The idea of this project is to use a series of defined questions and answers and a collection of publications to convey targeted characteristics of my ‘personality’ to an LLM model and to imitate them. This basic idea is in no way new or innovative. What I am trying to do here, however, is to define a very specific selection of questions that allow a model to be enriched using retrieval augmented generation or comparable approaches and to imitate my answers. My publications should also serve as a data basis.

It still seemed quite easy at school. Kids liked to ask about their favourite colour, favourite band or favourite film in the school playground. The supposed world of choice was smaller. Basic instincts influenced decisions more than complex chains of thought. But what determines decision-making in older people? And can the mapping of such processes be avoided by recording and then emulating their results, such as answers to a defined number of questions?

Task 1: Prototype

Drafting first concept and use standard LLM tools with draft of questions / answers.

Task 2: Questions

Definition of questions on aspects that are considered markers for characteristics and personality traits in psychology.

Task 3: Answer

Repeated description of detailed answers with a description of the motives and also a justification if the perspective changed after multiple answers.

Task 4: Injection

Split the data set: enter one part in the LLM, use the second part as a reference for evaluation.

Expected Duration

2 - 4 weeks

Project status

  • Task 1: Prototype
  • Task 2: Questions
  • Task 3: Answer
  • Task 4: Injection
Status Funding Data Code Results
Ongoing Internal Not public yet Not public yet Ongoing

Results

06.06.2024: First test delivers results. Literature analysis necessary to define the questions and the exact method (RAG and alternatives). Can standardised personality tests be useful here? These three examples are mentioned in literature and might be worth considering:

  1. The Big Five Personality Traits (Five-Factor Model): This model assesses five major dimensions of personality: Openness, Conscientiousness, Extraversion, Agreeableness, and Neuroticism. Each dimension is evaluated through a series of questions aimed at self-assessment.
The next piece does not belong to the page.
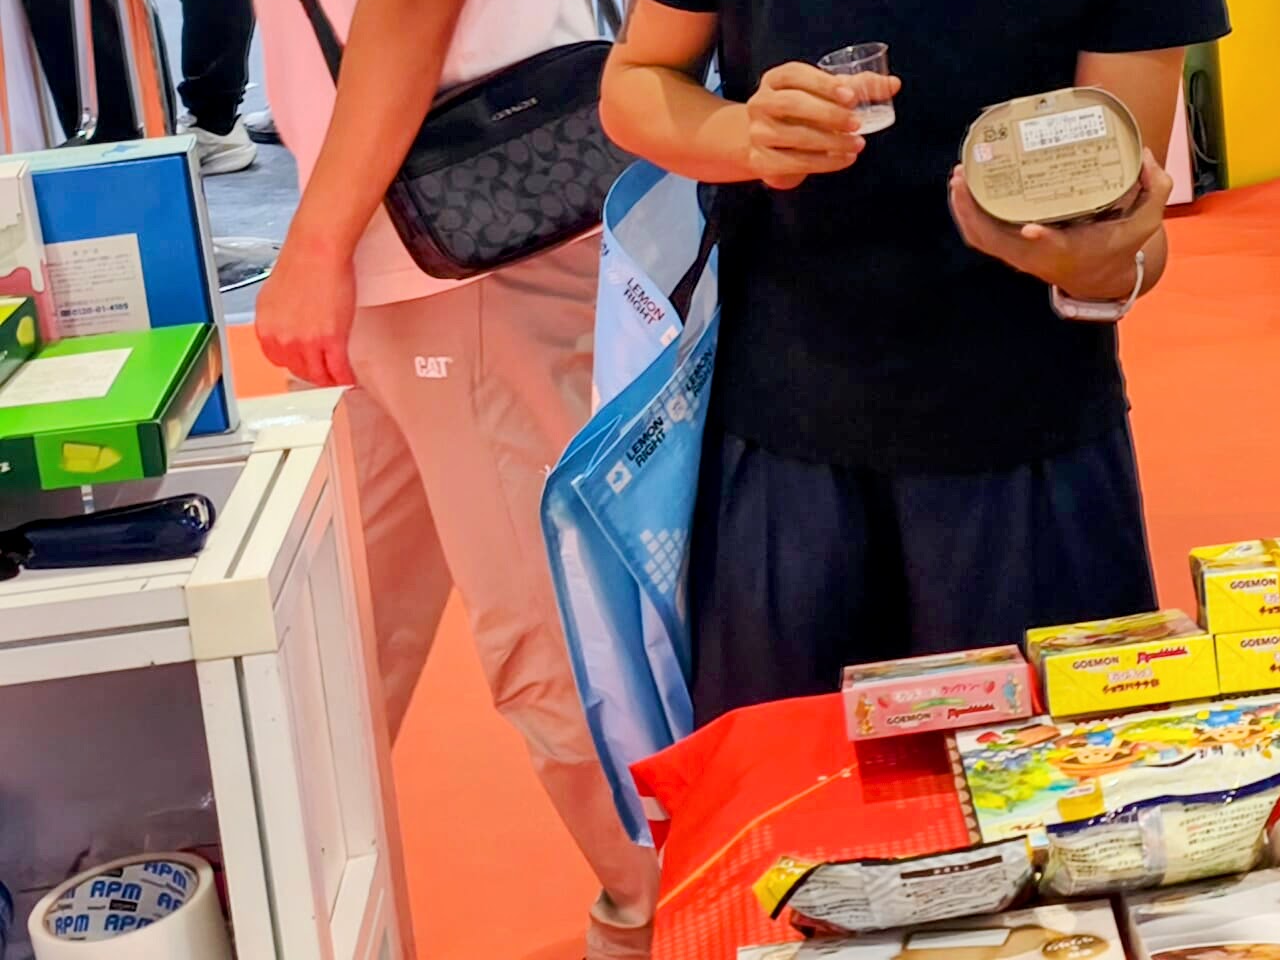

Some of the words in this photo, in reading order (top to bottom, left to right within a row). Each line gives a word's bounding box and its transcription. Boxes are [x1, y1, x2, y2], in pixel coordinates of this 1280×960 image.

  2. Myers-Briggs Type Indicator (MBTI): This test categorizes individuals into 16 different personality types based on four bipolar dimensions: Introversion vs. Extraversion, Intuition vs. Sensing, Thinking vs. Feeling, and Judging vs. Perceiving. The questions are designed to determine preferences in the way individuals perceive their environment and make decisions.

  3. Minnesota Multiphasic Personality Inventory (MMPI): This comprehensive test is designed to create psychopathological profiles. It consists of a broad array of questions intended to identify a wide range of psychological disorders and personality traits. --> Quite old - still relevant?